How did a summer job at Camp David after high school lead Industrial & Science Technology Instructor Jim Fugate to RIT/NTID? According to Fugate, it was his interaction with two “fascinating” deaf co-workers that led to his wanting more exposure to the deaf community. They suggested he attend a college with deaf and hard-of-hearing students, and because Fugate, who is hard-of-hearing, was interested in architecture, he enrolled at RIT/NTID.
“This made perfect sense to me,” he says. “I got the best of both worlds — majoring in the technical program I was interested in and being with the community I wanted to associate with.”
After receiving his degree in Architectural Technology in 1987, Fugate worked for a Rochester architecture firm for 11 years. He trained himself on computeraided drafting (CAD) technology and grew into positions of increasing responsibility. During his last few years with the company, he had the opportunity to design facilities at RIT/NTID.

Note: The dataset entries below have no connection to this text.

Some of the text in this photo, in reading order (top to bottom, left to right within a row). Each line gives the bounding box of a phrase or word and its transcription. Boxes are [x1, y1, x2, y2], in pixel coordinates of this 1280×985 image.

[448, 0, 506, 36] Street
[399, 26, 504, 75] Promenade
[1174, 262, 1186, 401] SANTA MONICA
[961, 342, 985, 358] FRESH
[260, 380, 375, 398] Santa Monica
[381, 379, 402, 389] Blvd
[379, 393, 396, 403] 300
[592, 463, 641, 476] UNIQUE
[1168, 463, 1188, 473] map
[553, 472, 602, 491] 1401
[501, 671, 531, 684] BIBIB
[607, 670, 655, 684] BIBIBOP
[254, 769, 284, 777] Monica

His ongoing relationship with RIT/NTID didn’t stop there. Fugate frequently presented at NTID’s annual Summer Vestibule Program, a two-week orientation for students to sample the programs offered at RIT/NTID.

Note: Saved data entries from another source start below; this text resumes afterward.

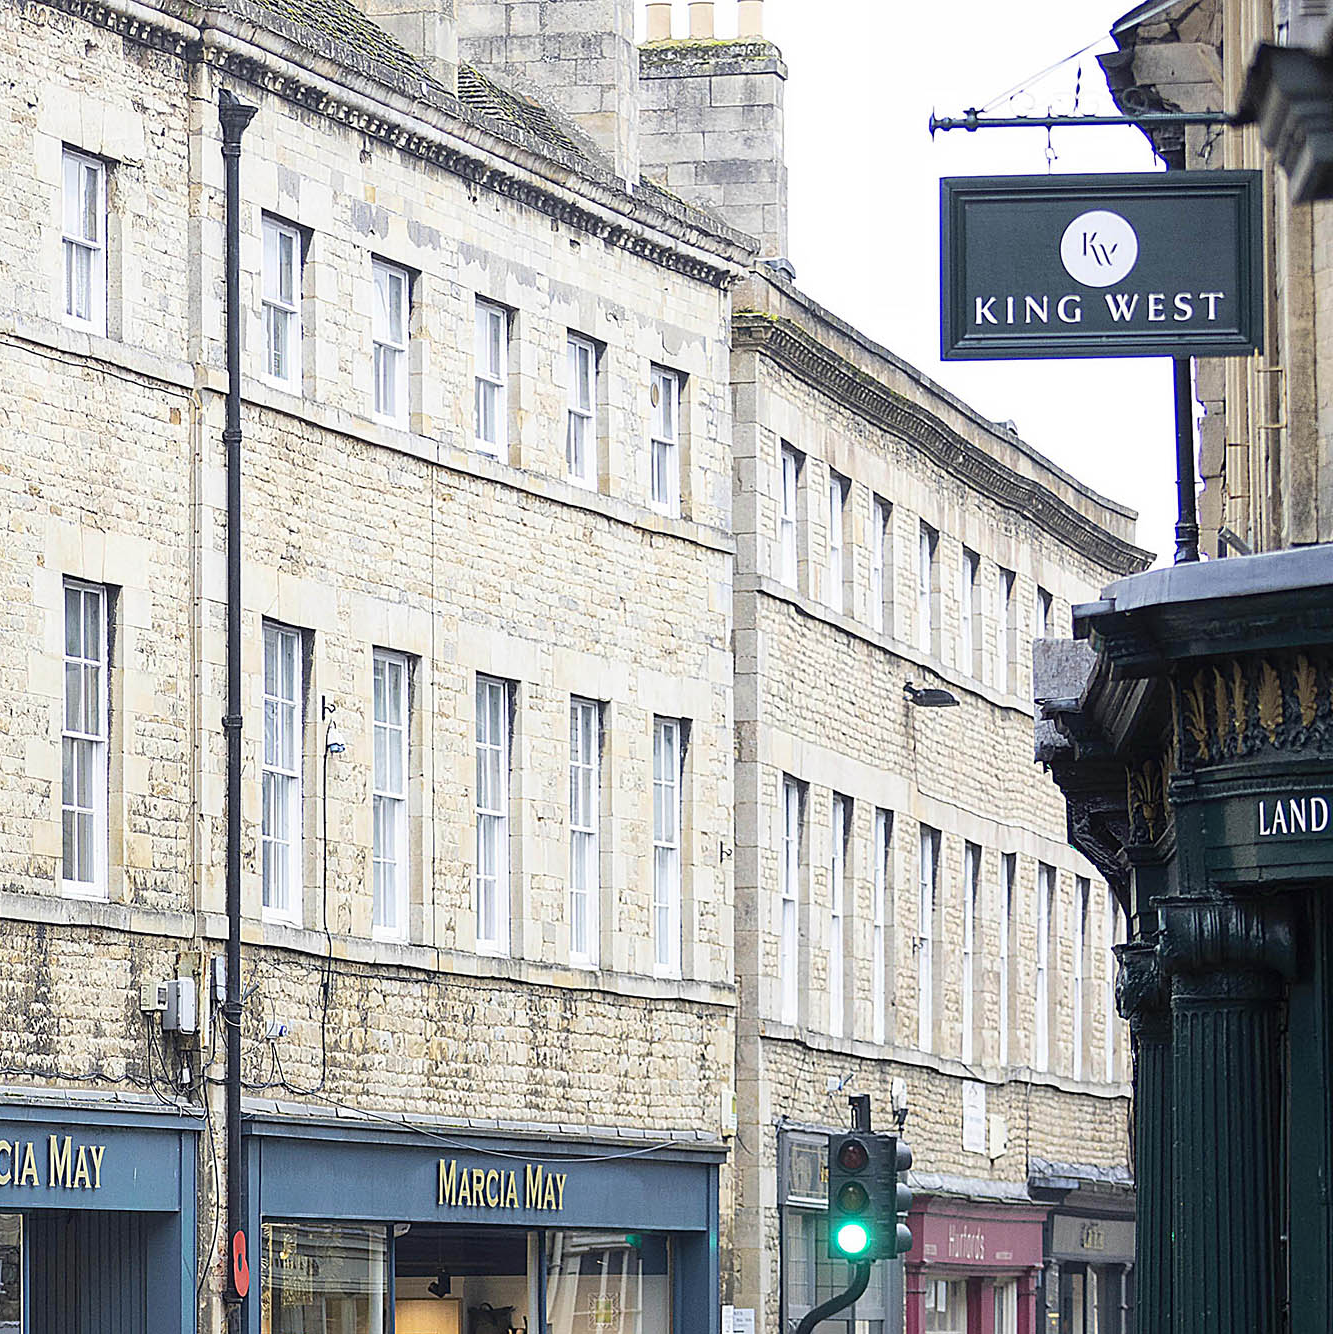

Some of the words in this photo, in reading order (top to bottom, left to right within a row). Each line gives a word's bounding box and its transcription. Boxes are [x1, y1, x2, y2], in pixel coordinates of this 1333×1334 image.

[974, 295, 1083, 325] KING
[1104, 292, 1226, 322] WEST
[1258, 796, 1329, 836] LAND
[948, 1224, 985, 1260] Hurfords
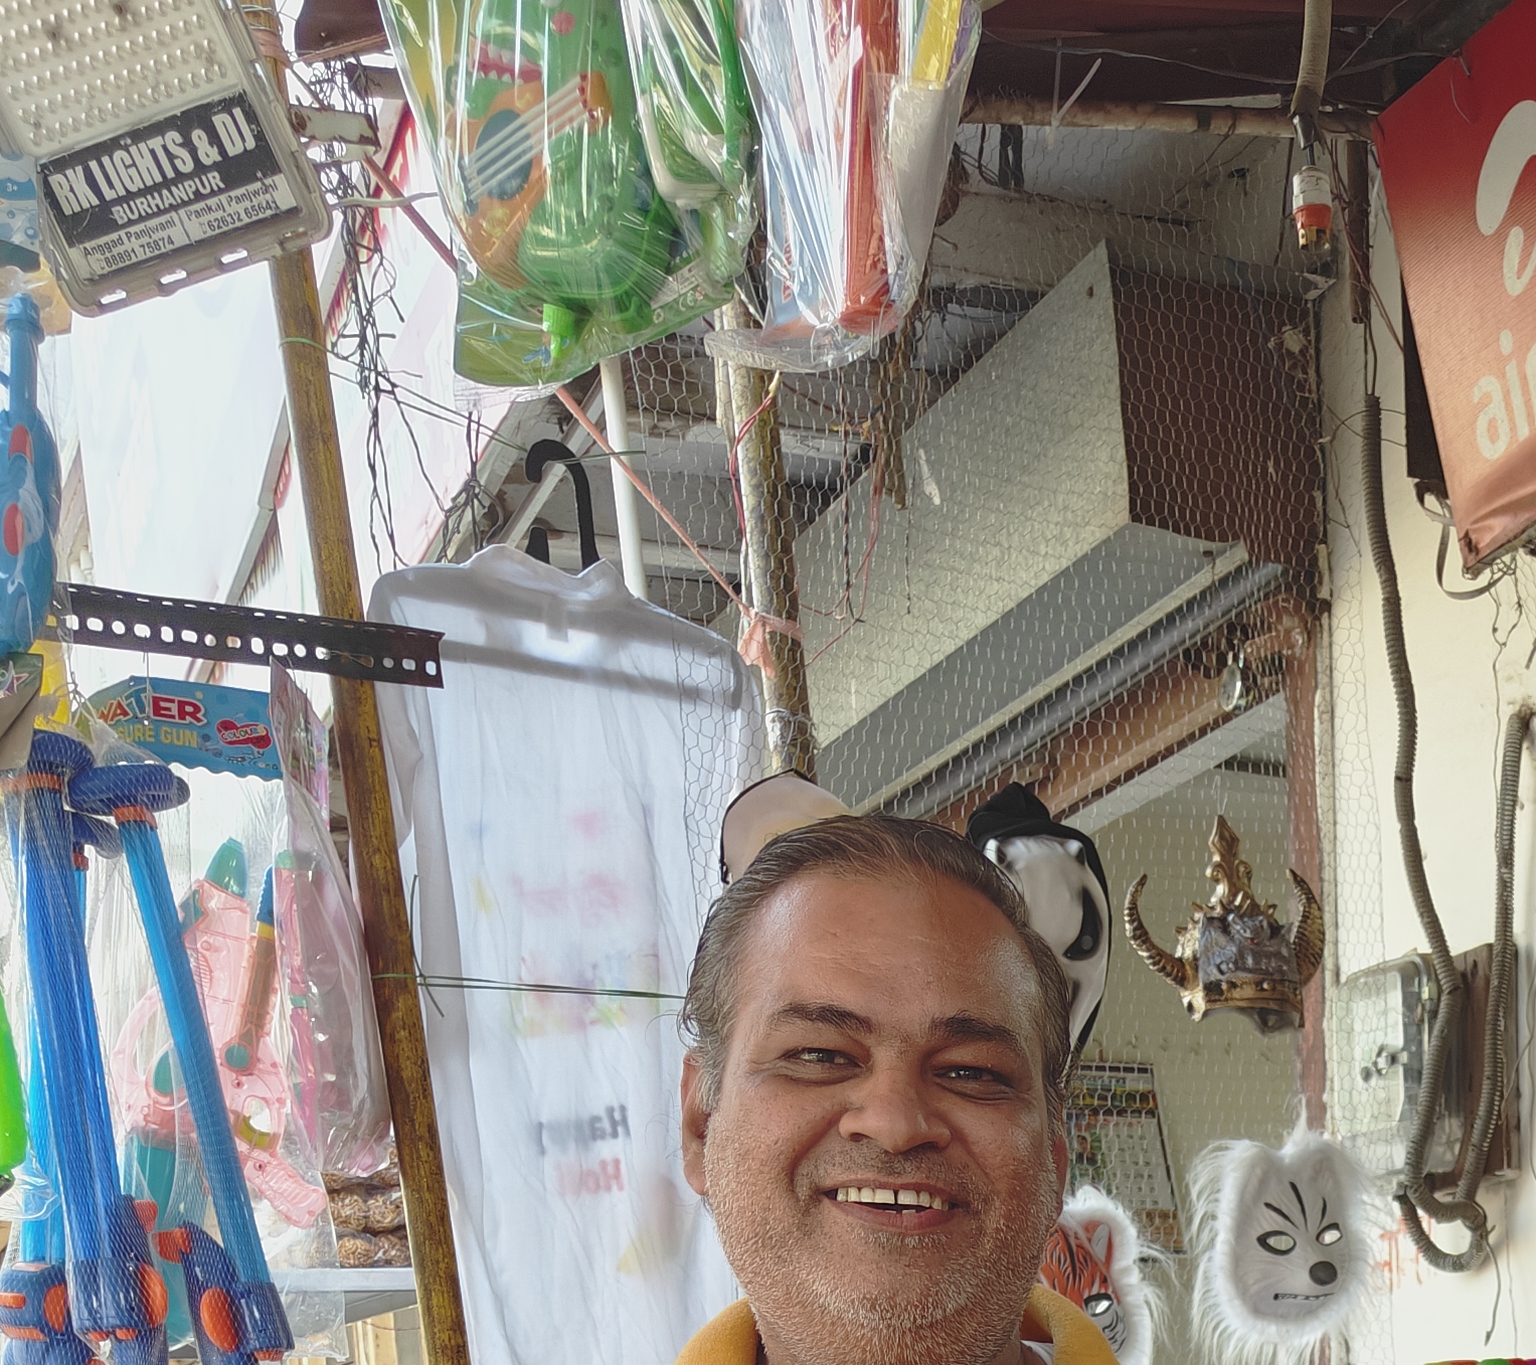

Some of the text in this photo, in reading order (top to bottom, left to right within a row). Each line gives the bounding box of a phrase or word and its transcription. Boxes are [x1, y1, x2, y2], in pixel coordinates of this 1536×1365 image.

[47, 107, 257, 216] RK LIGHTS & DJ
[111, 171, 225, 225] BURHANPUR
[185, 198, 227, 222] Pankaj
[125, 216, 178, 246] Panjwani
[160, 727, 198, 748] GUN

When the Computer-Aided Drafting Technology (CADT) program was added to NTID’s Industrial & Science Technologies Department in 2000, Fugate was asked to teach in the new department.

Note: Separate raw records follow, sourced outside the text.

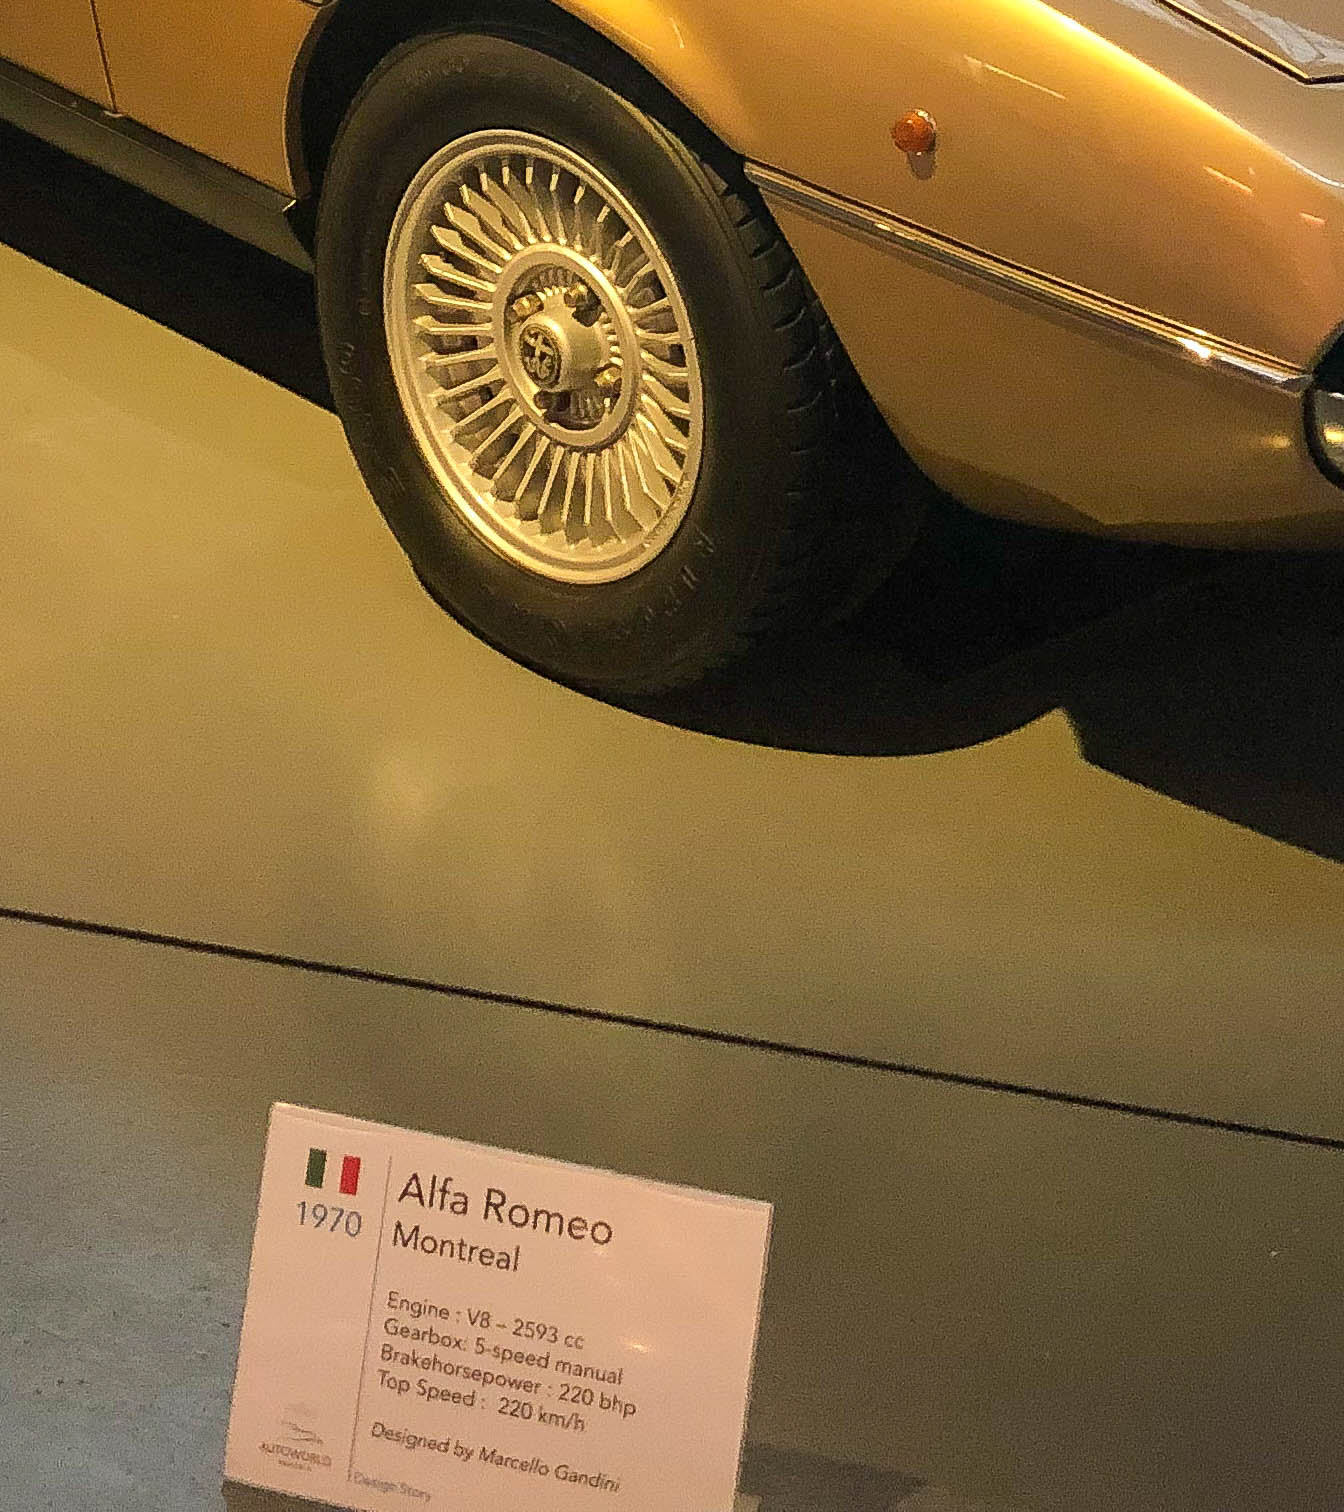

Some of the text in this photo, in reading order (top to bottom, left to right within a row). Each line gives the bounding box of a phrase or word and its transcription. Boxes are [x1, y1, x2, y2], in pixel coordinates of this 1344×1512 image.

[297, 1201, 362, 1237] 1970
[398, 1172, 613, 1245] Alfa Romeo
[393, 1220, 520, 1272] Montreal
[384, 1318, 624, 1385] Gearbox: 5-speed manual
[387, 1291, 450, 1319] Engine
[467, 1308, 491, 1328] V8
[512, 1318, 559, 1344] 2593
[564, 1335, 585, 1349] cc
[377, 1369, 411, 1396] Top
[416, 1378, 477, 1407] Speed
[498, 1397, 534, 1420] 220
[538, 1406, 586, 1432] km/h
[381, 1343, 542, 1394] Brakehorsepower
[558, 1383, 595, 1406] 220
[599, 1391, 637, 1419] bhp
[371, 1421, 621, 1492] Designed by Marcello Gandini

“Coming from the corporate world to the academic environment has been challenging, but so rewarding,” says Fugate. “Before, I worked independently and with other professionals. My goal was to design a building to the right specifications. Now my goal is to work collaboratively with the students to motivate them and to prepare them for the workplace of the future, which is constantly changing.”
Fugate continued his education once he joined RIT/NTID, earning his master’s degree from RIT in Information Technology.
Outside of the classroom Fugate enjoys spending time with his wife and with the “joy of his life,” his 3-year-old son. Fugate also enjoys playing piano, reading, gardening and attending church.
“If I can connect with my students and help facilitate their preparation for a successful career, then my own career change will have been worth the effort,” says Fugate.
This story appeared in the Spring/Summer 2006 issue of FOCUS Magazine.